Convaincu d’abus de confiance et de détournement de vélomoteur, Roland s’est vu infliger une peine de prison de 12 mois avec sursis par le tribunal correctionnel de Ouagadougou. L’engin en question appartenait à sa compagne Ramata.

La rose est le symbole de l’amour, mais on oublie trop souvent qu’elle porte également des épines et que si l’on s’y frotte, on s’y pique. Et la douleur est d’autant plus atroce qu’elle est infligée par l’être aimé. Roland a amèrement expérimenté cela avec sa dulcinée Ramata.

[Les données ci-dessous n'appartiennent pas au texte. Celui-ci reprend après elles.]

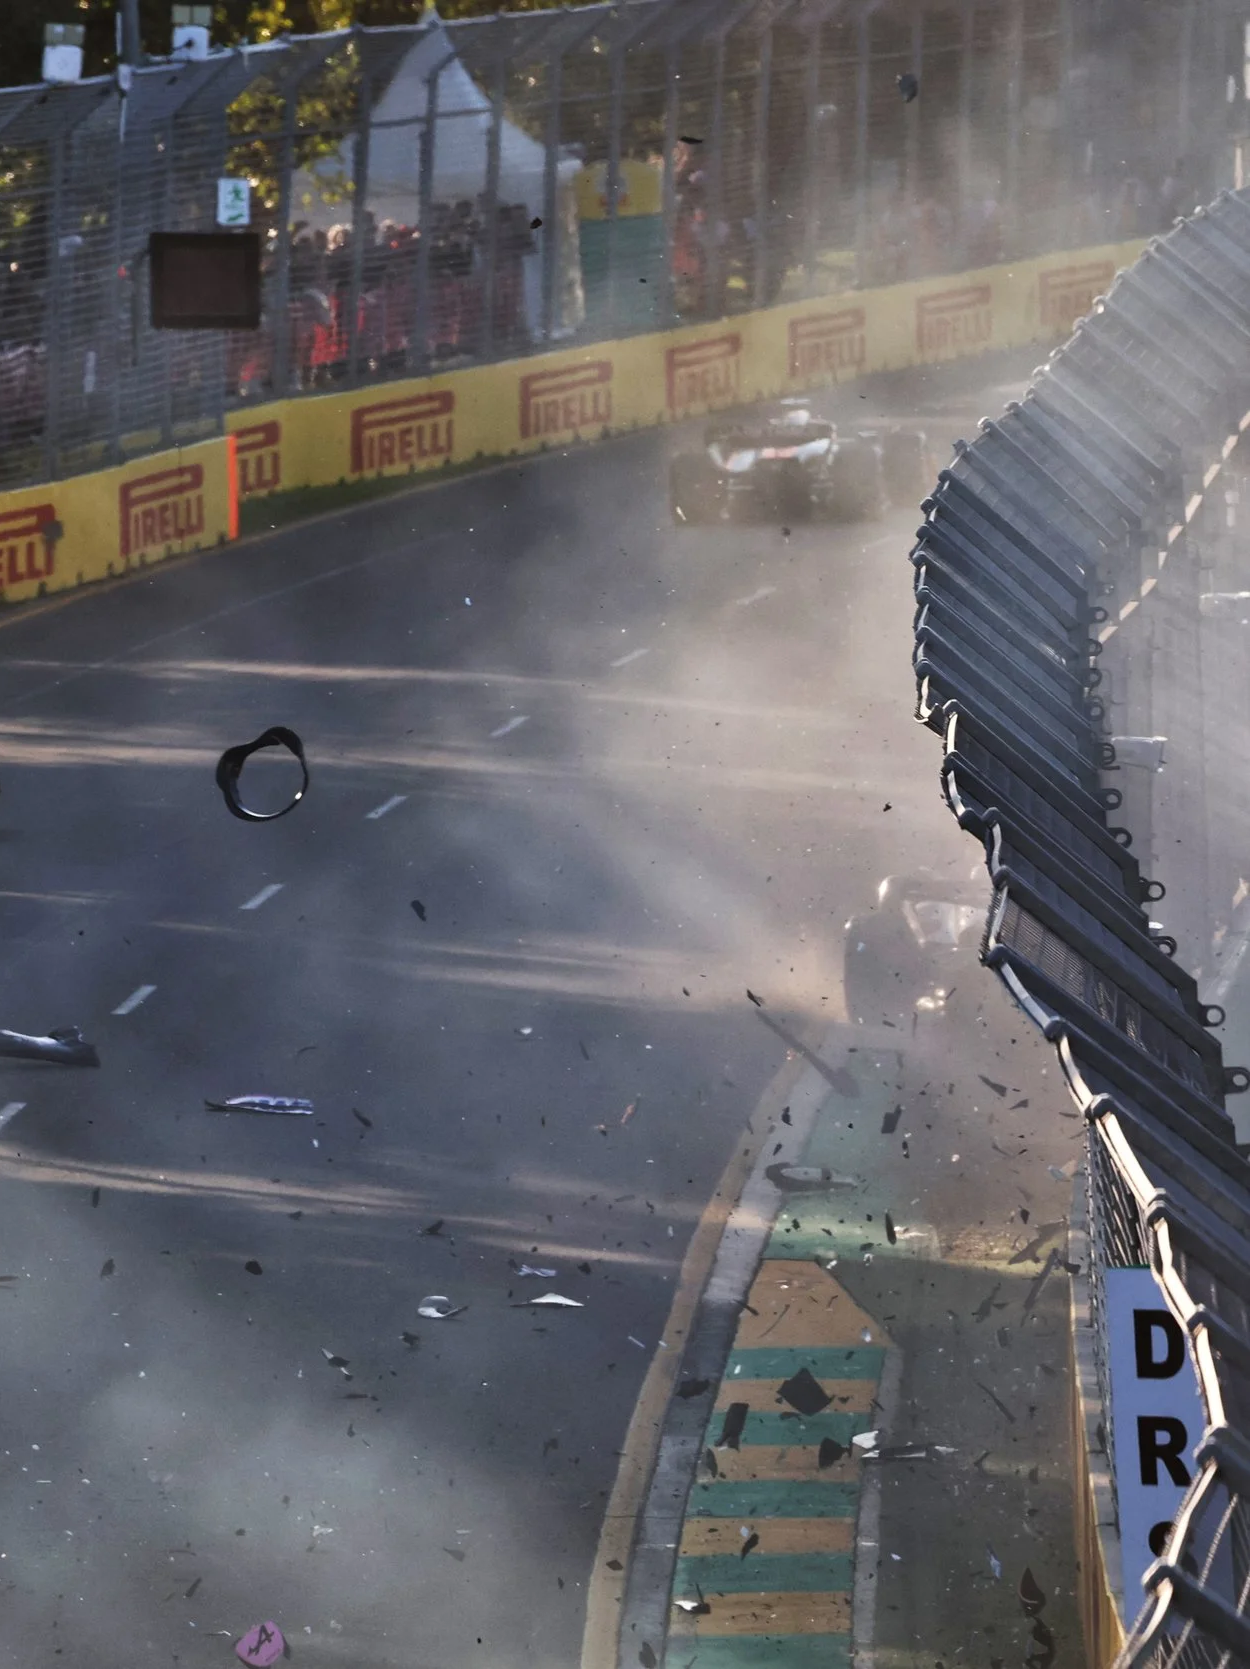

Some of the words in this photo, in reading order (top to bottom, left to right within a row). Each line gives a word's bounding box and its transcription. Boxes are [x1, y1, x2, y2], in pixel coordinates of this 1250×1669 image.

[352, 390, 454, 473] PIRELLI
[520, 360, 613, 439] PIRELLI
[119, 464, 204, 558] PIRELLI
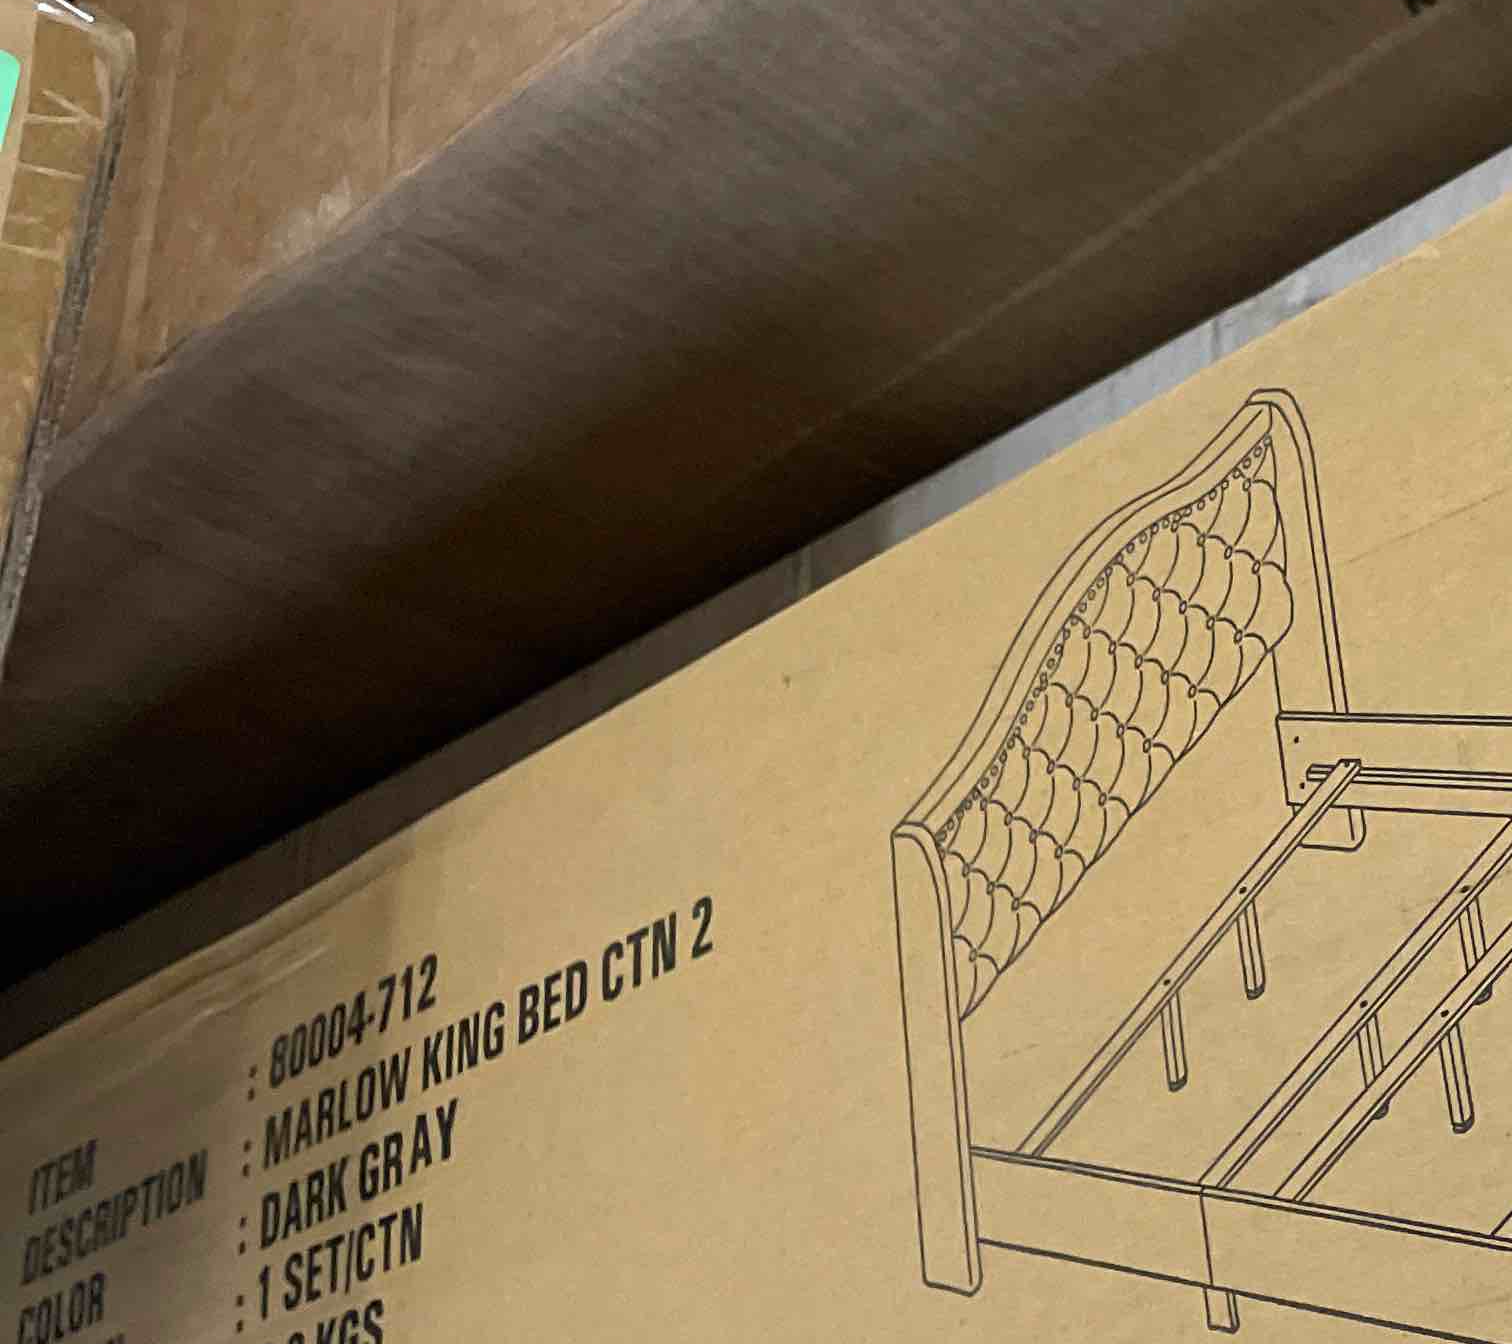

Pourtant, vu de l’extérieur, tout indiquait qu’ils filaient le parfait amour. On avait coutume de les voir bras dessus, bras dessous lorsqu’ils faisaient les cent pas dans le quartier sur les ruelles poussiéreuses de Ouagadougou. Dans le voisinage, on ne les avait jamais entendus se disputer. Bref, ces tourtereaux-là avaient tout pour former un couple parfait, ou presque…

Pour que ce bel amour ne reste pas au stade des amourettes, Roland et Rama avaient décidé d’officialiser leur relation. Tout cela s’est conclu par l’organisation d’un PPS (Pug Pou Soum) comme on dit en milieu moaga (1) et les amoureux ont commencé à vivre sous le même toit. Cela a eu le don de renforcer leur affection et ses démonstrations.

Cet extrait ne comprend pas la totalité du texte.